DESCRIPTION OF THE TASK -
Each record, minus any picture, should be returned exactly as written.

DATA FOR PROCESSING -
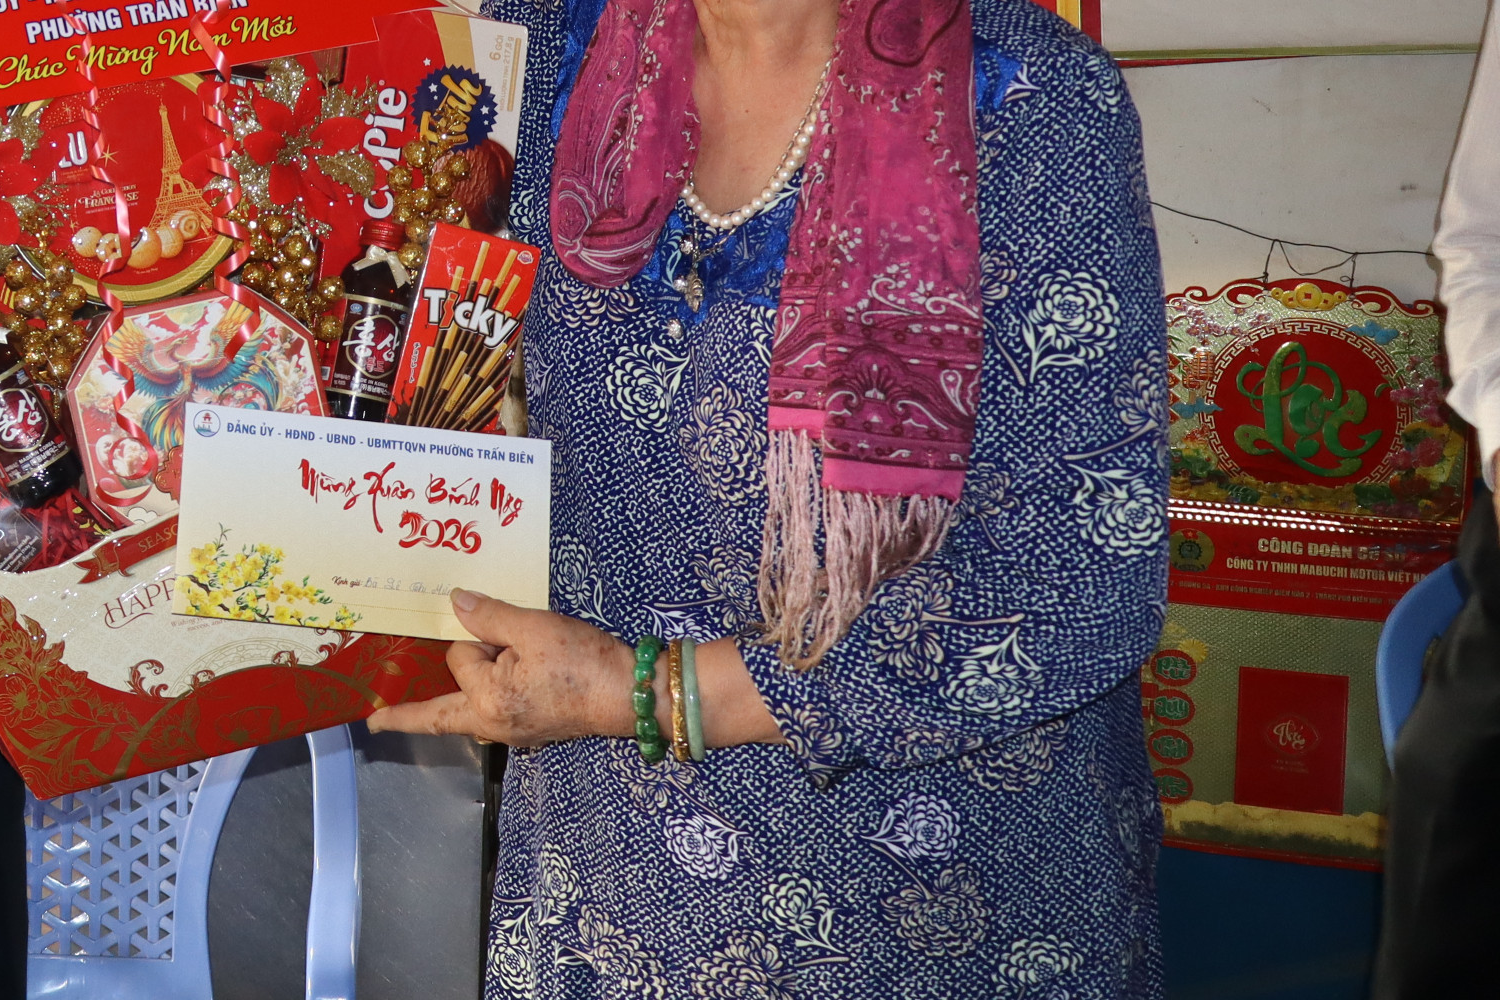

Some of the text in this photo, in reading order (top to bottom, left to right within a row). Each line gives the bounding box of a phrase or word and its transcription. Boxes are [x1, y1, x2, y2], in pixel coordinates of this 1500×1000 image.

[231, 15, 297, 43] Mới
[423, 287, 519, 348] Ticky
[227, 420, 256, 435] ĐẢNG
[260, 422, 274, 437] ỦY
[285, 429, 315, 441] HĐND
[327, 433, 356, 446] UBND
[367, 437, 426, 453] UBMTTQVN
[430, 443, 474, 458] PHƯỜNG
[477, 446, 505, 461] TRẤN
[509, 451, 534, 464] BIÊN
[298, 458, 364, 510] Mừng
[363, 461, 415, 534] Xuân
[425, 473, 480, 506] Bính
[398, 509, 482, 554] 2026
[1257, 537, 1304, 556] CÔNG
[1307, 541, 1352, 559] ĐOÀN
[1226, 556, 1427, 584] CÔNG TY TNHH MABUCHI MOTOR VIỆT NA
[103, 577, 176, 629] HAPP
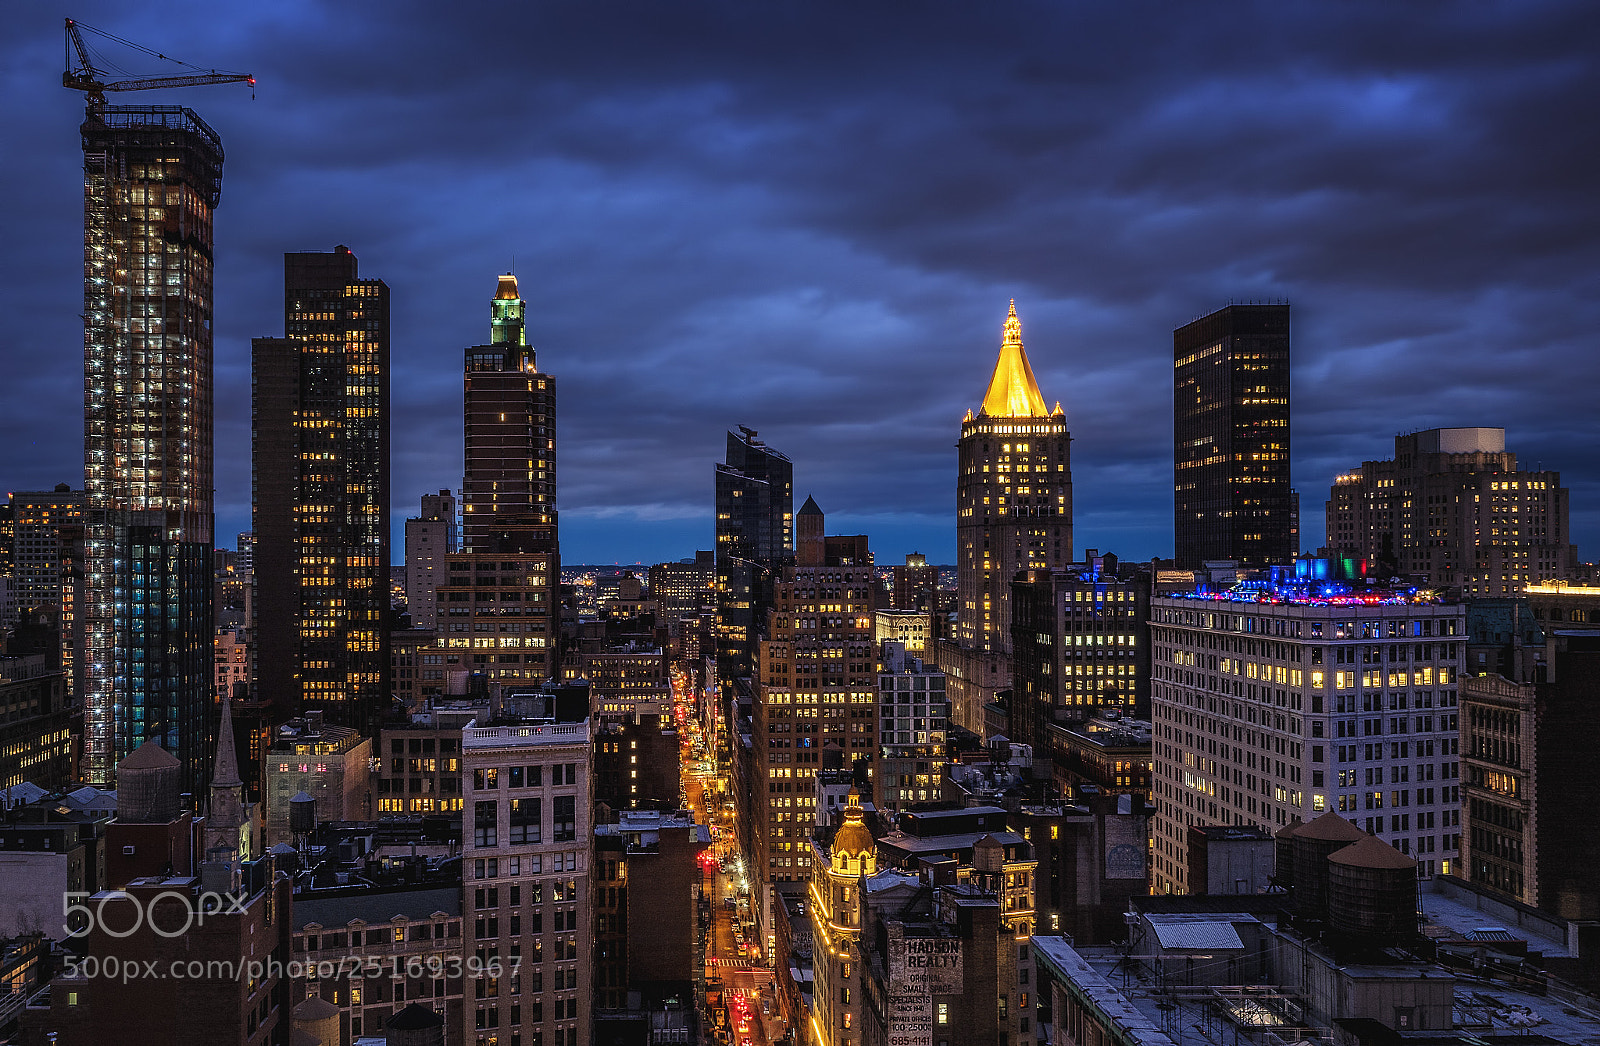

RESPONSE TO THE EXERCISE -
Some of the text in this photo, in reading order (top to bottom, left to right within a row). Each line gives the bounding box of a phrase or word and its transcription. Boxes are [x1, y1, x2, y2], in pixel coordinates of this 1500×1000 image.

[231, 15, 297, 43] Mới
[423, 287, 519, 348] Ticky
[227, 420, 256, 435] ĐẢNG
[260, 422, 274, 437] ỦY
[285, 429, 315, 441] HĐND
[327, 433, 356, 446] UBND
[367, 437, 426, 453] UBMTTQVN
[430, 443, 474, 458] PHƯỜNG
[477, 446, 505, 461] TRẤN
[509, 451, 534, 464] BIÊN
[298, 458, 364, 510] Mừng
[363, 461, 415, 534] Xuân
[425, 473, 480, 506] Bính
[398, 509, 482, 554] 2026
[1257, 537, 1304, 556] CÔNG
[1307, 541, 1352, 559] ĐOÀN
[1226, 556, 1427, 584] CÔNG TY TNHH MABUCHI MOTOR VIỆT NA
[103, 577, 176, 629] HAPP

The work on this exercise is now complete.